Returning to his less troublesome charge, Korak feeds the eaglet, names him "Sky Chief (didn't that used to be a brand of gasoline?) and has "a crazy idea to try when you've finished eating!"  Korak's crazy idea (and yeah, it is pretty crazy) is that when Sky Chief takes to the sky for the first time, Korak will ride on his back, using reins that open and close the eye-holes in his mask to guide ihim!  Despite all probability, boy and bird make a successful trial flight.

Meanwhile, a "starved and weary" Lo-Za makes her way back to her home village of cave-dwellers.  She is spotted by a young boy as she climbs toward her family's cave.  When she arrives there, her welcome from her mother and father is less than warm.  "No!  No!  You're a ghost!  My Lo-Za went to the Sun!"  Grabbing a morsel of food, Lo-Za declares, "A ghost doesn't get hungry, and eat hot bread!"  Mom still has trouble believing she came back from the Sun, but Lo-Za says, "The child of the Sun didnt want me, so I came home!  Where else could I go!"  At this point Dad appears but is even less welcoming; "Anywhere but here, to disgrace us, your parents!"  If the priests of the Sund find Lo-Za alive, they will kill her and blame her parents.  "Nothing is hidden from the priests of the Sun!  Better a death in the jungle than on their temple pyre!"  As Lo-Za sobs and agrees to go away again, her parents relent a bit and offer hre food for her journey and a knife to try to protect herself with.  But it is too late!  The boy who spotted Lo-Za returning has led the priests to her cave entrance.  "What the Sun has rejected must be destroyed-- or we all shall suffer his anger!"

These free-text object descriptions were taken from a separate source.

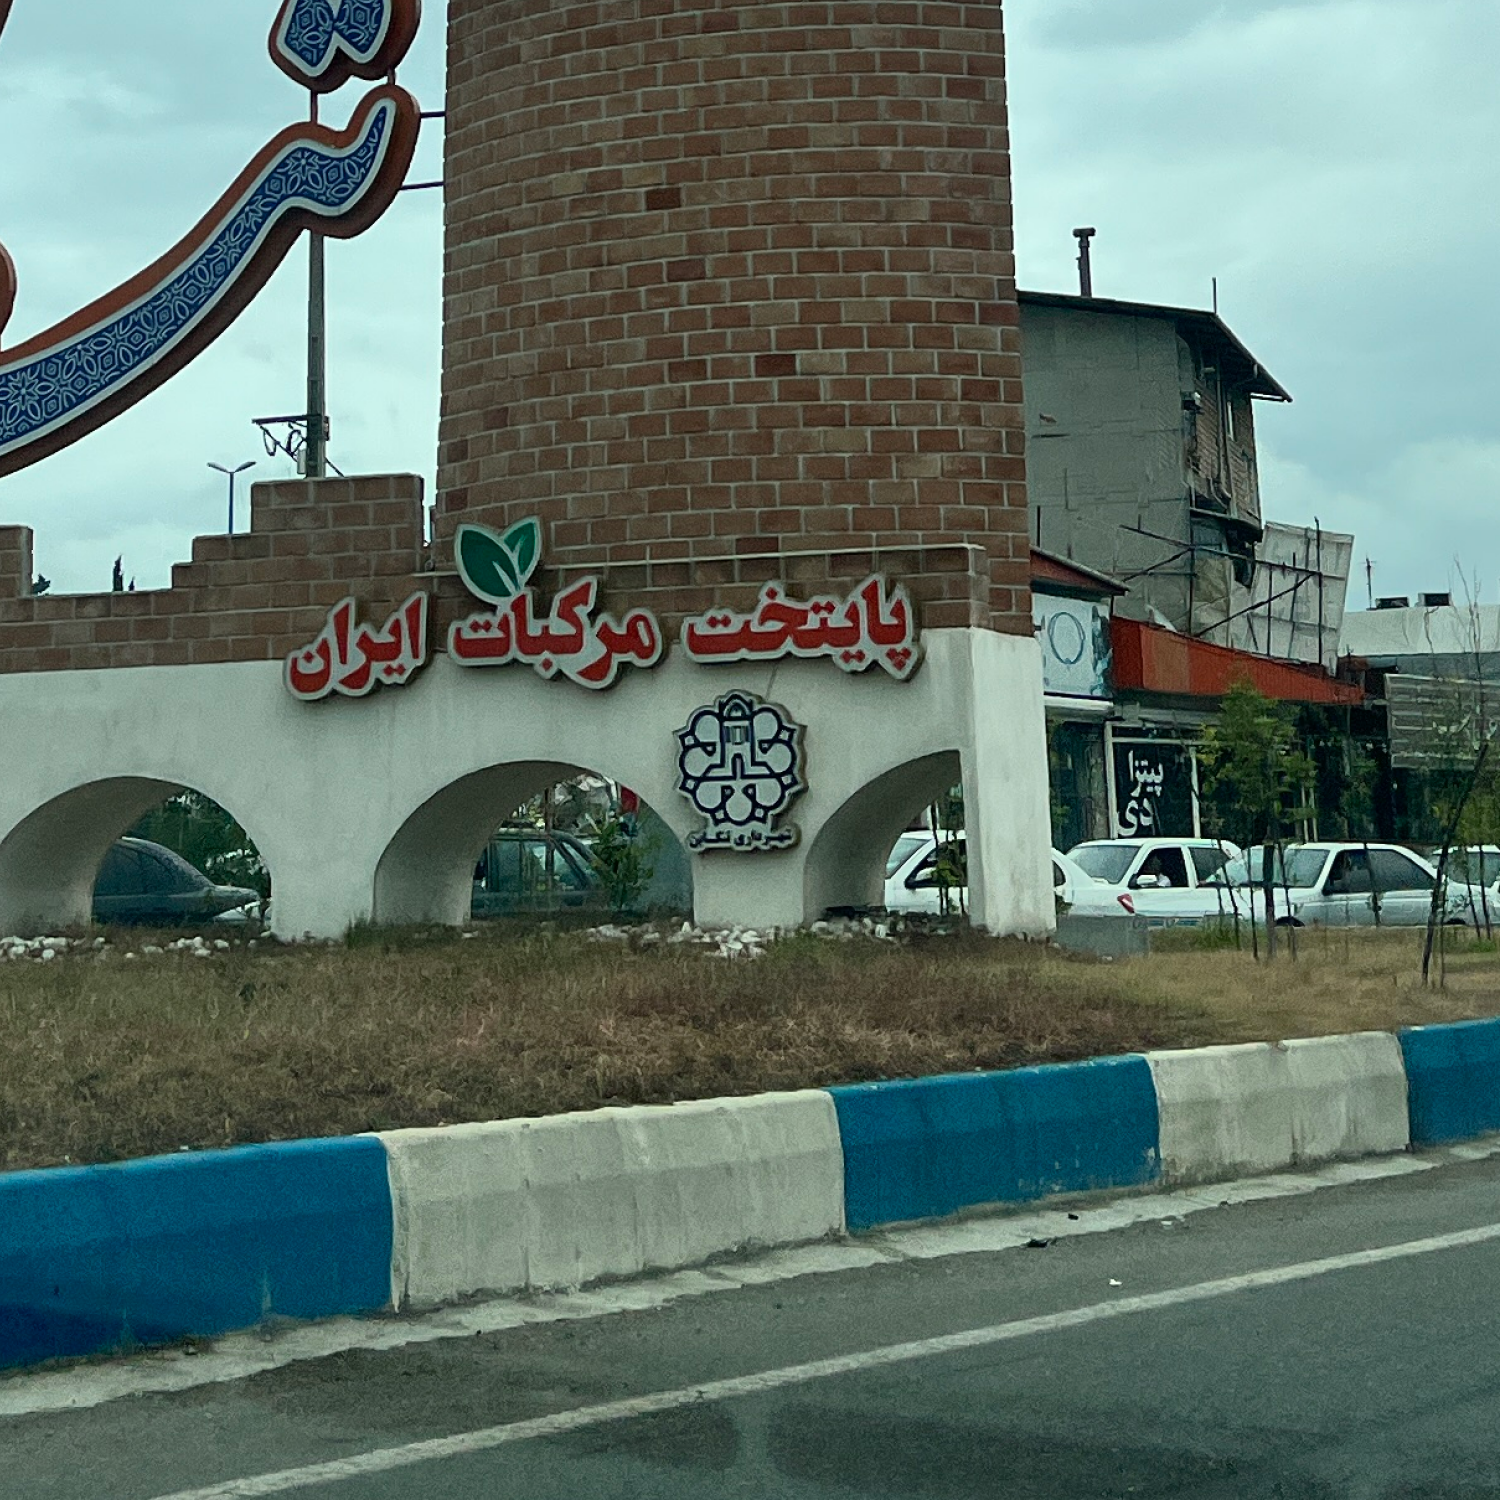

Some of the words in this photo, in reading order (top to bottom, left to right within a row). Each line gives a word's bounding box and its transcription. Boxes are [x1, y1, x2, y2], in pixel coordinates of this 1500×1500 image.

[288, 595, 425, 696] ایران
[451, 577, 660, 683] مرکبات
[685, 575, 916, 676] پایتخت
[1127, 749, 1165, 798] پیتزا
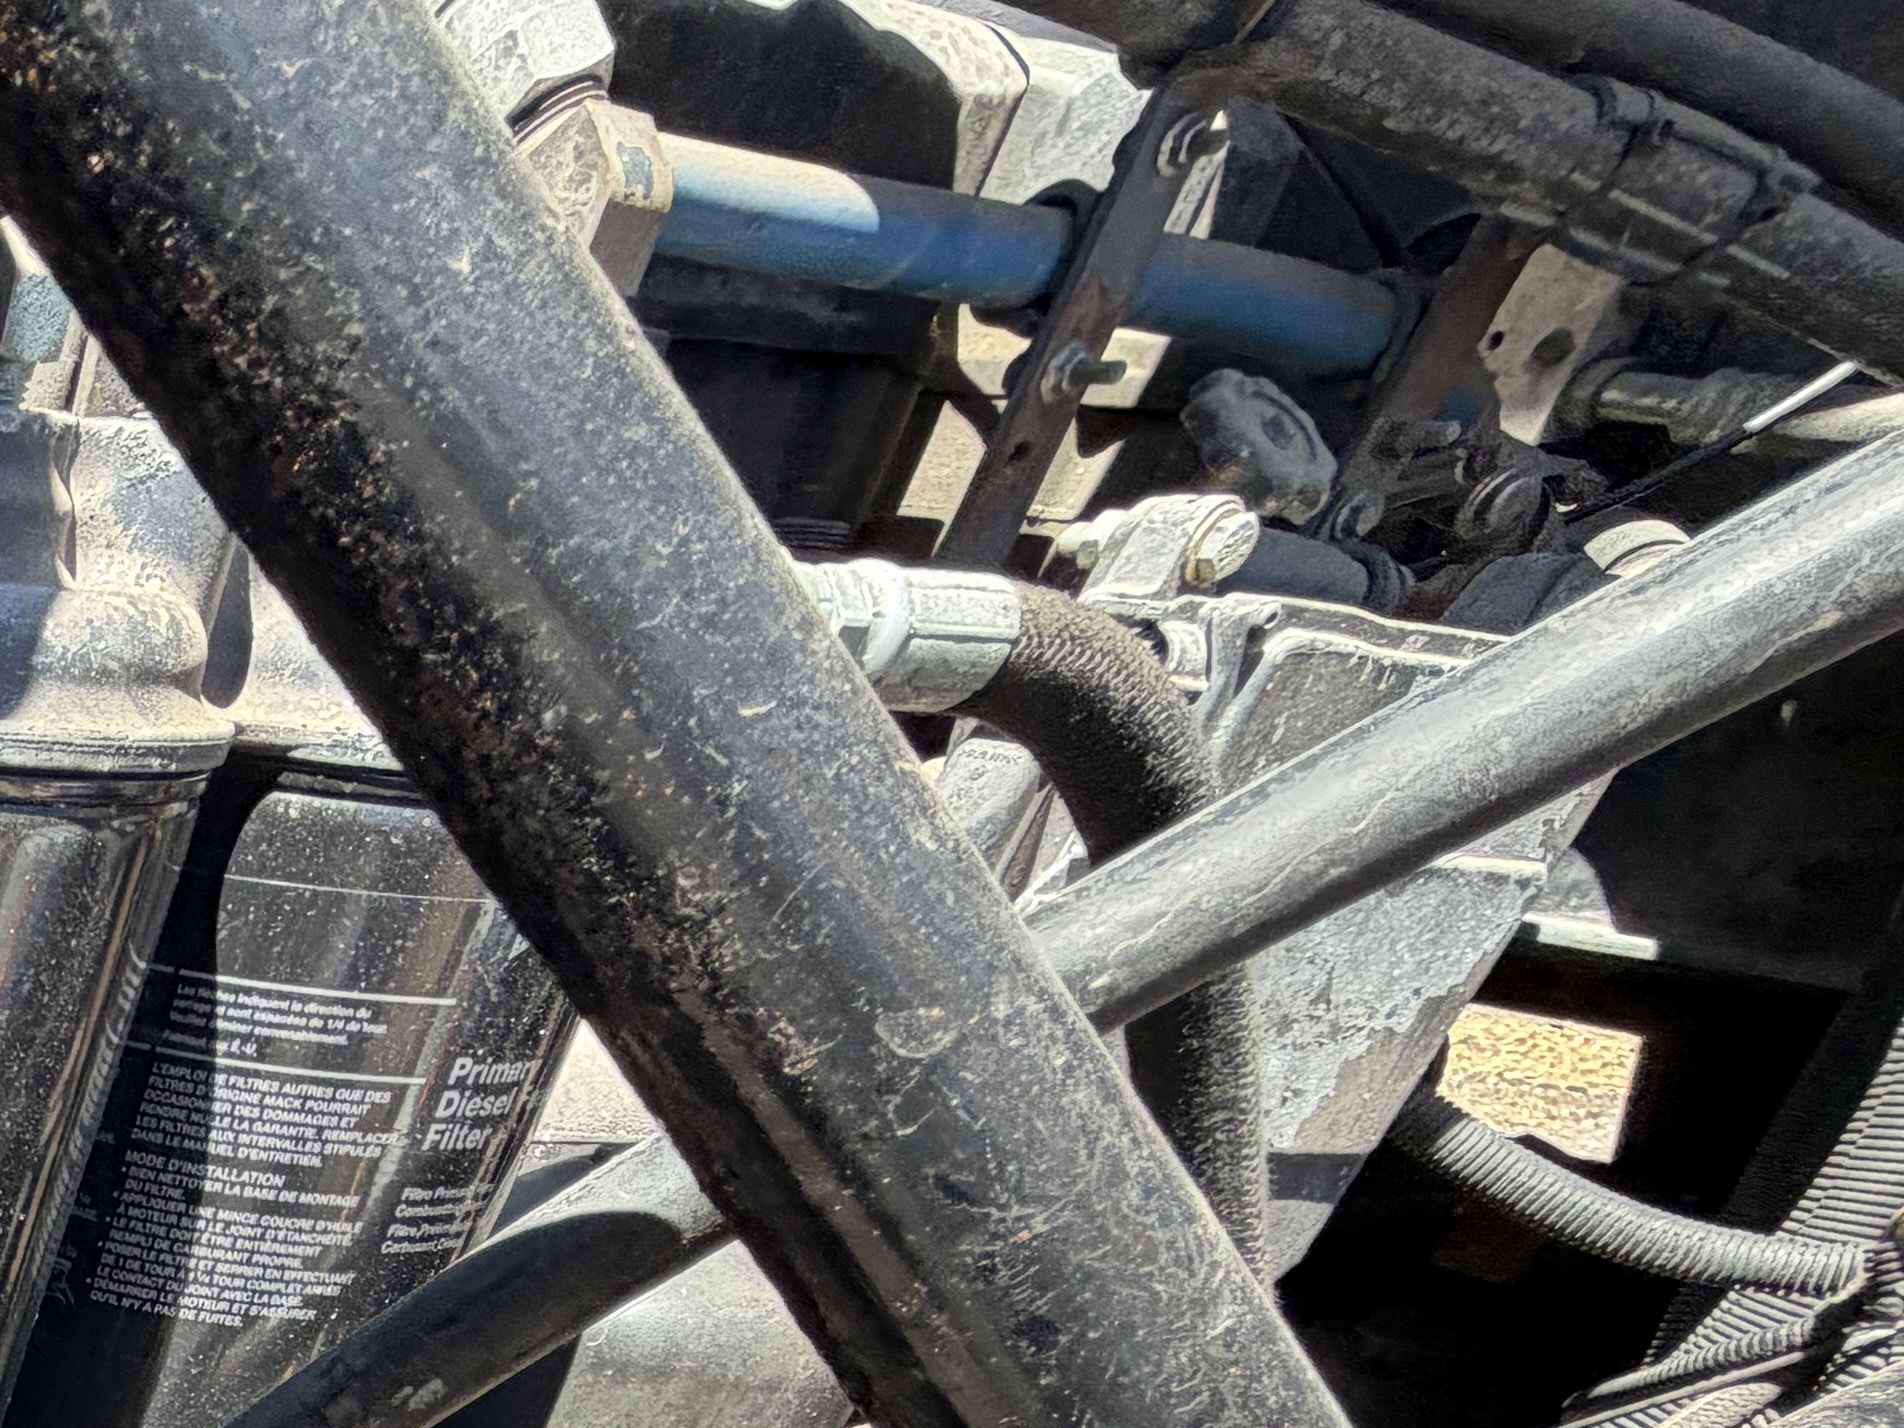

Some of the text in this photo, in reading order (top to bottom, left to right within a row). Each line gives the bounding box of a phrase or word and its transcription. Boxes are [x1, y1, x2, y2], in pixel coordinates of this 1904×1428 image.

[226, 1007, 252, 1019] sont
[308, 1018, 324, 1028] de
[326, 1019, 345, 1030] 1/4
[345, 1021, 361, 1032] de
[304, 1002, 355, 1019] direction
[356, 1008, 372, 1019] du
[447, 1056, 542, 1087] Primar
[146, 1077, 195, 1094] FILTRES
[262, 1094, 303, 1111] MACK
[303, 1101, 370, 1117] POURRAIT
[227, 1075, 280, 1093] FILTRES
[281, 1082, 334, 1100] AUTRES
[334, 1088, 364, 1103] QUE
[364, 1091, 391, 1104] DES
[435, 1087, 519, 1118] Diesel
[233, 1105, 261, 1119] DES
[262, 1109, 339, 1127] DOMMAGES
[339, 1117, 358, 1129] ET
[158, 1121, 207, 1138] FILTRES
[208, 1129, 236, 1143] AUX
[236, 1133, 322, 1153] INTERVALLES
[231, 1120, 251, 1131] LA
[251, 1121, 321, 1141] GARANTIE.
[422, 1123, 493, 1150] Filter
[123, 1151, 286, 1188] MODE D'INSTALLATION
[127, 1167, 359, 1208] BIEN NETTOYER LA BASE DE MONTAGE
[206, 1222, 225, 1234] LE
[225, 1224, 263, 1239] JOINT
[197, 1260, 215, 1272] ET
[263, 1269, 282, 1280] EN
[210, 1275, 246, 1289] TOUR
[165, 1281, 184, 1292] DU
[219, 1290, 252, 1302] AVEC
[252, 1294, 269, 1305] LA
[153, 1305, 177, 1317] PAS
[177, 1309, 197, 1321] DE
[197, 1312, 245, 1328] FUITES.
[230, 1303, 248, 1315] ET

Meanwhile, "Sky Chief has found his wings, and Korak has mastered both wind and sky!"  Korak spots a Ho-Don village from the sky, and urges Sky Chief downward for a closer look, wondering if it is Lo-Za's home town.  It is, but not for long, if the Sun priests have their way!  They are about to burn Lo-Za at a stake; "Spare your anger, mighty Sun!  The gift you found unworthy, we destroy-- by fire!"  Korak and Sky Chief swoop past, extinguishing the fire with the eagle's might wingbeats!  But the high priest still misinterprets the holy message.  Brandishing a knife, he shouts, "The Sun is still angry!  He wants blood-- not fire!"  But as the priest tries to stab Lo-Za, Korak leaps from Sky Chief's back and pulls him away from the girl.  "Kreegah (beware)!  Don't touch Lo-Za!"  "Yeow!  Child of the Sun!  Prince of the sky!  He calls the Star-Girl by name!"  Korak unbinds Lo-Za and pulls her onto Sky Chief's back with him, and they soar into the sky, as the fallen high priest repents; ""The Sun sent his messenger and his prince to take back the gift he had refused!  He is angry no more!"   If Korak had really wanted to institute a religious reformation, he might have tried to explain that the Sun didn't want any more teenage girls, or any other humans either, as "gifts"!  But at least Lo-Za is safe.  She asks hopefully, "Now you will really take me to live forever in the Sun, Korak?"  No, says Korak, but "I am taking you to Ja-lur (a city seen in the original "Tarzan the Terrible" novel, I think) a Ho-Don city where King Ja-Don, my friend, will give you honor and protection!"  I suspect Lo-Za may still have been disappointed, but if so, we don't know, since the story ends here.

The issue closes with "Jungle Jitters," a text story about a tiger attack in India, and "The Secret Tomb," an installment of the "Mabu, Jungle Boy" series.  Mabu, a quite young boy, is unusual among protagonists of comic book jungle series in actually being black African.  In this installment, Mabu encounters a witch named Gaguma (who as drawn looks like a white male, but is referred to as "her").  Gaguma leads Mabu to witness a treasure in a cave (wihch looks rather like the Phantom's Treasure in his Skull Cave in many episodes of that series) but warns that a curse lies on the treasure and anyone who claims it.